# how much of som is ai?
I trained a 271 + 249 + 1 (521) byte 15 parameter AI Detection KMeans model on
every SoM devlog. Here's how it went!
## How this version works
### Functional Training
- Get every devlog from SoM api
- Calculate text features
- KMeans training
- Export model
- Meause the model against its own training data to see how much of SoM is AI.
### Functional Inference
- Load the previously exported model
- Compute text features
- Perform a prediction with the features and exported model
## My whole brainsstorming era
First I made an embedder using L12 MiniLM on huggingface. This suprisingly
worked first try, embedding every single devlog in under 30s (credit to my super
computer). Due to the popular "Everything is AI whyyy" complaints from hackclub
members, I then attempted to measure how much of the devlogs were written by AI.
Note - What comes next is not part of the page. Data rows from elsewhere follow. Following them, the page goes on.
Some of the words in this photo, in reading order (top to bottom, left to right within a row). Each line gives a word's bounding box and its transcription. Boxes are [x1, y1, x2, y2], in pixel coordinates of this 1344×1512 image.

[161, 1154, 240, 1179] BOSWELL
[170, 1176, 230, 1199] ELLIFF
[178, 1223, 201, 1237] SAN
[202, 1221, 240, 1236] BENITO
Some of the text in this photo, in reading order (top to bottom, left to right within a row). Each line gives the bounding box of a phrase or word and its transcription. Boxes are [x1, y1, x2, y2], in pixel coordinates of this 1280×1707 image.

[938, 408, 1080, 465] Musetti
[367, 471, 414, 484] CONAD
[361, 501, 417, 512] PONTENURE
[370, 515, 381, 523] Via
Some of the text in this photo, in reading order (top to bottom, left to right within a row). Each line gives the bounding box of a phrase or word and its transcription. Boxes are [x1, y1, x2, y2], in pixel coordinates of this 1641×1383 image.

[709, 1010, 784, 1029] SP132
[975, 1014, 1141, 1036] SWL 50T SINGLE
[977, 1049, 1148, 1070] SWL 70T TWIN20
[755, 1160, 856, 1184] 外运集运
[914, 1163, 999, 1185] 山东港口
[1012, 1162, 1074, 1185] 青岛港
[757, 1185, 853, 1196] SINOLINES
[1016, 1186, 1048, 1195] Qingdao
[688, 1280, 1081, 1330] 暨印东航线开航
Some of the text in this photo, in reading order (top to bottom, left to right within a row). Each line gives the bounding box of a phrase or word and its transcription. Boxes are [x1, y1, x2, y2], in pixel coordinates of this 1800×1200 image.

I decided to use the `linfa` ecosystem by the `rust-ml` group. I use a KMeans
algorithim to classify the text into two unlabeled clusters based off of a
feature matrix. I calculate these features:
```rust
struct TextMetrics {
// higher = more AI-like
pub emoji_rate: f64, // Emoji * 2 / sentences
pub buzzword_rate: f64, // Buzzwords
pub not_just_count: f64, // It's not just _, it's _
pub html_escape_count: f64, // &
pub devlog_count: f64, // Devlog #whatever
pub irregular_ellipsis: f64, // bad ellipses
pub irregular_quotations: f64, // Fancy quotation marks / total quotation marks
pub irregular_dashes: f64, // Em-dashes / total dashes
pub irregular_markdown: f64, // bad markdown syntax present
pub labels: f64,
pub hashtags: f64,
}
```
I then piped them all into a KMeans model and trained it a few (10 billion)
times.
## Library
You can run the latest pre-trained version of the model in your own projects
like this
```sh
cargo add sonai # Summer of No AI
```
```rust
// This code works in WASM too!
use sonai::{predict, Prediction};
fn main() {
let Prediction { chance_ai, chance_human } = predict("Hello, world!");
let chance_ai = chance_ai * 100;
let chance_human = chance_human * 100;
println!("{chance_ai}% ai, {chance_human}% human");
}
```
## DIY
### Project-structure
- `training-bin` Training, generates a model.kmeans and model.ai.cluster inside
the `sonai` crate.
- `sonai"` Runs a model.kmeans and performs predictions. This can be installed
as a library in wasm and non-wasm environments.
- `sonai-metrics` Helper lib to calculate text metrics
Place `JOURNEY=` in `training-bin/.env` to fetch devlogs & projects, or use the
provided `training-bin/som.data` file.
### Training
To train the model, run the binary in `training-bin`
```sh
cd training-bin
cargo r -r
```
### WASM
For demo purposes, this crate has been ported to WASM and a static site where
you can run the AI detection model on your own text. Compile the wasm demo
yourself with:
> [!NOTE]
> wasm-pack & rustwasm has been deprecated, the old way is still here for legacy
> reasons
>
> ```sh
> cd sonai
> wasm-pack build --release -d ../inference-wasm-web/src/pkg
> ```
>
> All the opt flags have been preconfigured in `Cargo.toml`
```sh
cd sonai
cargo build --release --target wasm32-unknown-unknown
wasm-bindgen ../target/wasm32-unknown-unknown/release/sonai.wasm --out-dir ../inference-wasm-web/src/pkg --target bundler
wasm-opt -O4 --strip-debug --enable-bulk-memory-opt -o ../inference-wasm-web/src/pkg/sonai_bg.wasm ../inference-wasm-web/src/pkg/sonai_bg.wasm
```
#### License
Licensed under either of Apache License, Version
2.0 or MIT license at your option.
Unless you explicitly state otherwise, any contribution intentionally submitted
for inclusion by you, as defined in the Apache-2.0 license, shall be
dual licensed as above, without any additional terms or conditions.